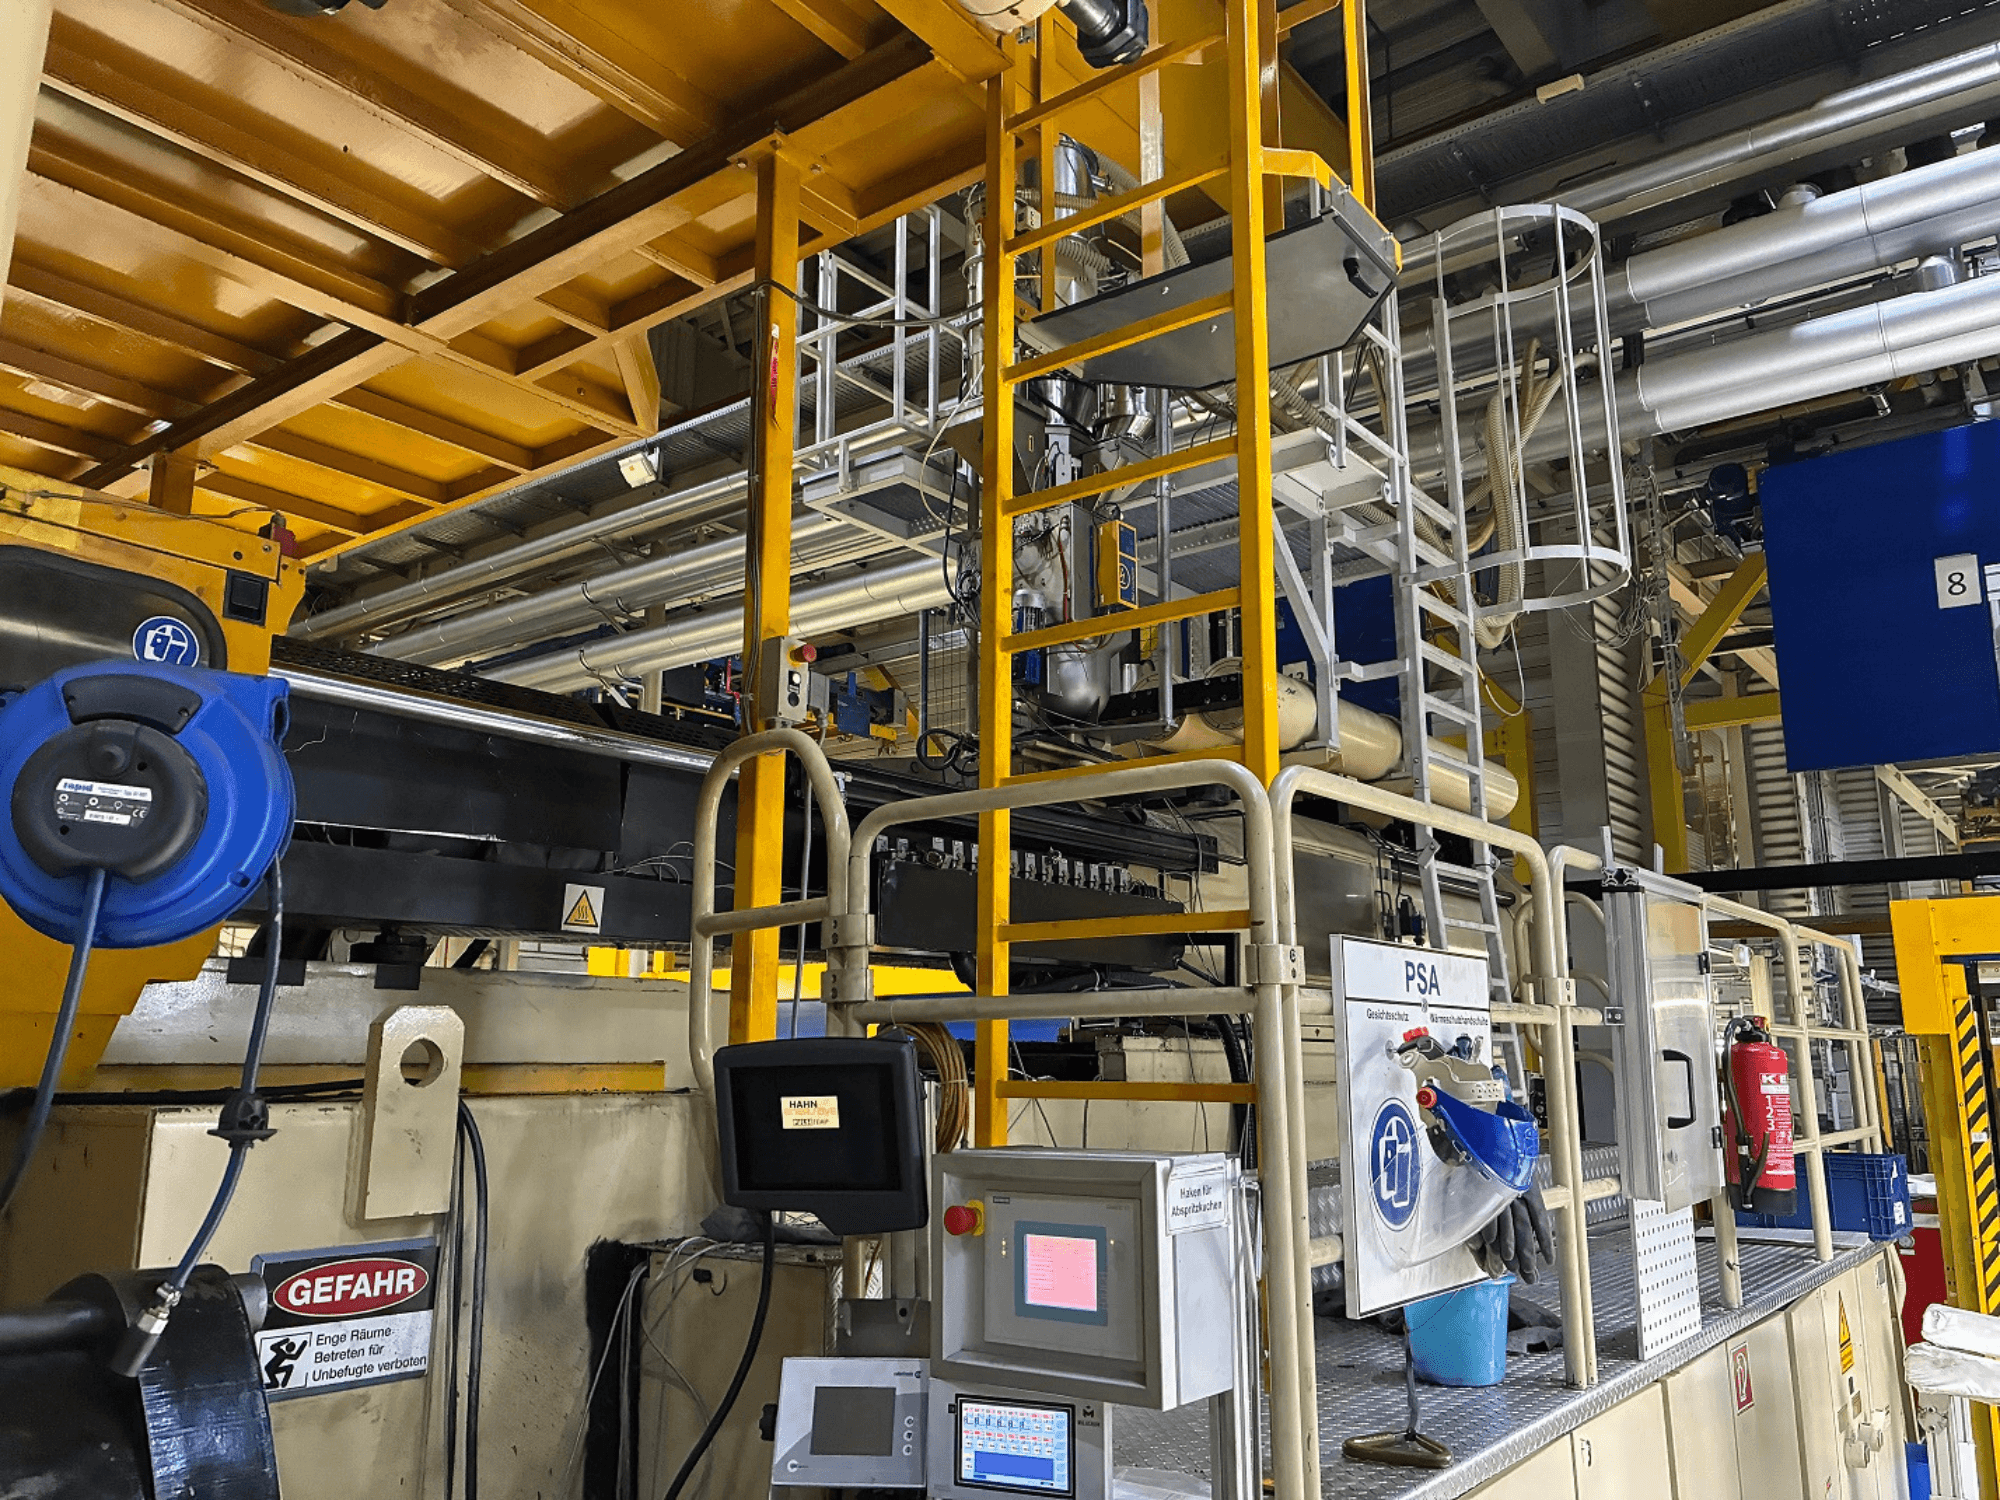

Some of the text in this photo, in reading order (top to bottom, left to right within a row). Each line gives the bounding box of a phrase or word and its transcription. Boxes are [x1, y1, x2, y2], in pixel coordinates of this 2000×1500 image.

[1947, 572, 1967, 596] 8
[1404, 960, 1441, 996] PSA
[1366, 1008, 1410, 1022] Gesichtsschutz
[789, 1100, 818, 1109] HAHN
[1180, 1184, 1212, 1199] Haken für
[1171, 1200, 1222, 1218] Abspritzkuchen
[287, 1268, 416, 1307] GEFAHR
[316, 1326, 392, 1347] Enge Räume
[314, 1344, 385, 1364] Betreten für
[312, 1356, 427, 1382] Unbefugte verboten

* _TASK BRIEF_
Pictures aside, restate all of the entries exactly.

* _EXERCISE OUTPUT_
Some of the text in this photo, in reading order (top to bottom, left to right within a row). Each line gives the bounding box of a phrase or word and its transcription. Boxes are [x1, y1, x2, y2], in pixel coordinates of this 2000×1500 image.

[1947, 572, 1967, 596] 8
[1404, 960, 1441, 996] PSA
[1366, 1008, 1410, 1022] Gesichtsschutz
[789, 1100, 818, 1109] HAHN
[1180, 1184, 1212, 1199] Haken für
[1171, 1200, 1222, 1218] Abspritzkuchen
[287, 1268, 416, 1307] GEFAHR
[316, 1326, 392, 1347] Enge Räume
[314, 1344, 385, 1364] Betreten für
[312, 1356, 427, 1382] Unbefugte verboten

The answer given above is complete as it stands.